Is there a clear cut way to add row-level security to dash apps?

For example:

When building a simple sales dashboard, there will be a column for Salesman.
When adding authorization to an app, is there a way for me to assign someone’s authorization username to a person in said column so I can make it that when they sign in they’ll only be allowed to view their data?

@justinzi I am also looking to find a solution for this - have you been able to find anything?

You can use flask login. Checkout the documentation on this page: https://flask-login.readthedocs.io/en/latest/

Once you put the user control in place and you are able to login, you can check if the user is authenticated via the is_authenticated property of the current_user proxy. Something like this:

if current_user.is_authenticated:
   #your code here

Hope it helps

Hi @RafaelMiquelino , how do you use Flask login with dash? I know there is an independent github package not mantained by plotly that is supposed to bridge dash and flask-login but the comments on the github page say it does not actually work…

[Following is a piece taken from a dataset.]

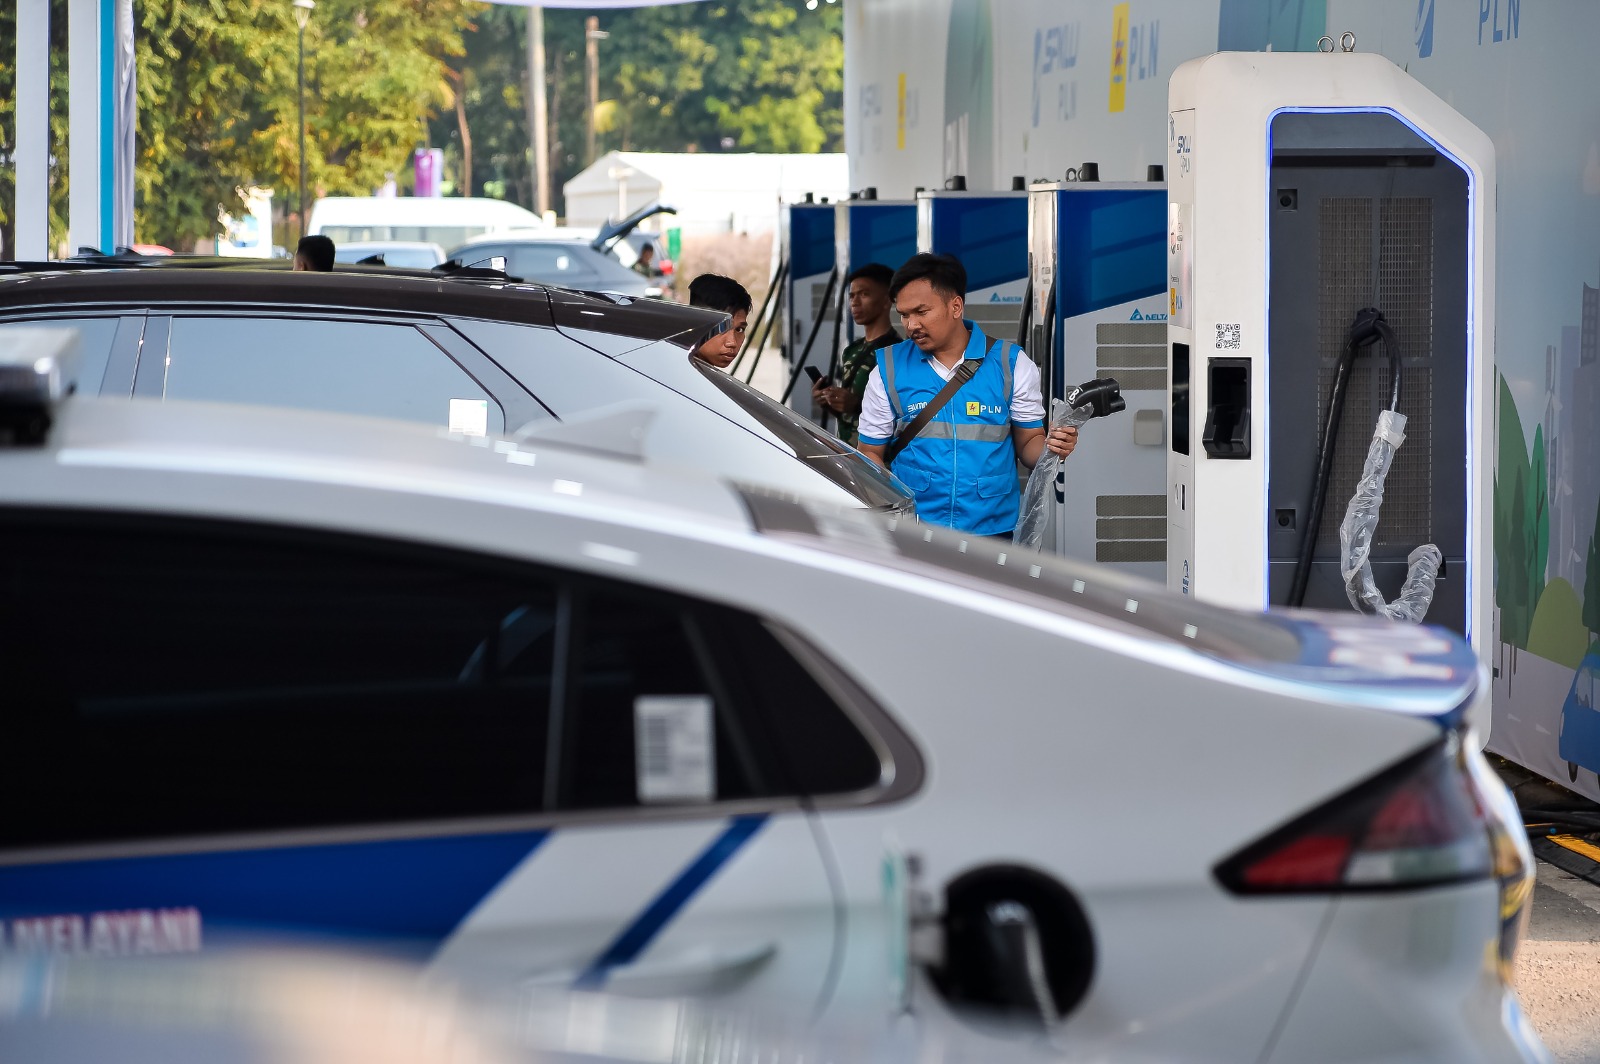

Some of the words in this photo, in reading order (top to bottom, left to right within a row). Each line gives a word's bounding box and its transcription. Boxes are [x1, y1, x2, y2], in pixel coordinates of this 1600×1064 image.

Hello, I have a working application in dash that uses Flask login for user authentication. I know the package you are talking about but I didn’t use it. Did you try to implement it and had any issue? The implementation is described in the Flask login docs.

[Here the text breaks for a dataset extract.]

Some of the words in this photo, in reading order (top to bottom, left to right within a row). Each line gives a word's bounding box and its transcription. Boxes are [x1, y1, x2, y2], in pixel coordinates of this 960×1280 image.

Thanks for your reply! I have not tried to implement Flask Login as my impression from previous forum posts was that it would not work directly with Dash. Did you have to do anything special to make them get along? Or did you use it the same way you would do it in a standard Flask application?

Thanks!

There is nothing really special to be done. You just need to put in place the flask login authentication and when you have the user authenticated you render a specific page layout. Check bellow a snippet from my application with this process, I switch among different layouts based on the user authentication status and the url:

app.layout = html.Div(
    [
        header,
        html.Div([
            html.Div(
                html.Div(id='page-content', className='content'),
                className='content-container'
            ),
        ], className='container-width'),
        dcc.Location(id='url', refresh=False),
    ]
)

@app.callback(Output('page-content', 'children'),
              [Input('url', 'pathname')])
def display_page(pathname):
    if pathname == '/':
        return login.layout
    elif pathname == '/login':
        return login.layout
    elif pathname == '/dashboard':
        if current_user.is_authenticated:
            return dashboard.layout
        else:
            return login_fd.layout
    elif pathname == '/logout':
        if current_user.is_authenticated:
            logout_user()
            return logout.layout
        else:
            return logout.layout
    else:
        return '404'

Awesome, I will try this out!! Seems the only big difference with standard flask is that we do not use the decorator to check the login, but need to perform the check “manually”, the rest looks standard!

Thanks again for sharing the code! :slight_smile:

Yes. That’s it. I also managed to do it with the decorator but I realized that this manually check is a better implementation for Dash.

1 Like

Hello, if it is still useful for you, I made available a simple example of the Flask-login implementation on top of a dash app here: https://github.com/RafaelMiquelino/dash-flask-login.

3 Likes

Hey! I want to pass a dynamic user_id for the logged in user, and create graph for the same person. user A cannot see data of user B. How do I connect MySQL database and create dashboards ? user A can only access his own data and not user B’s? Can you provide some resources to refer to? I’m new in this!!

2 Likes

Any solution to this problem?

FWIW, one solution to this problem is to license Dash Enterprise and use its authentication middleware. This includes integration with the dash-enterprise-auth package which provides the username to your callbacks that you can use for row level security.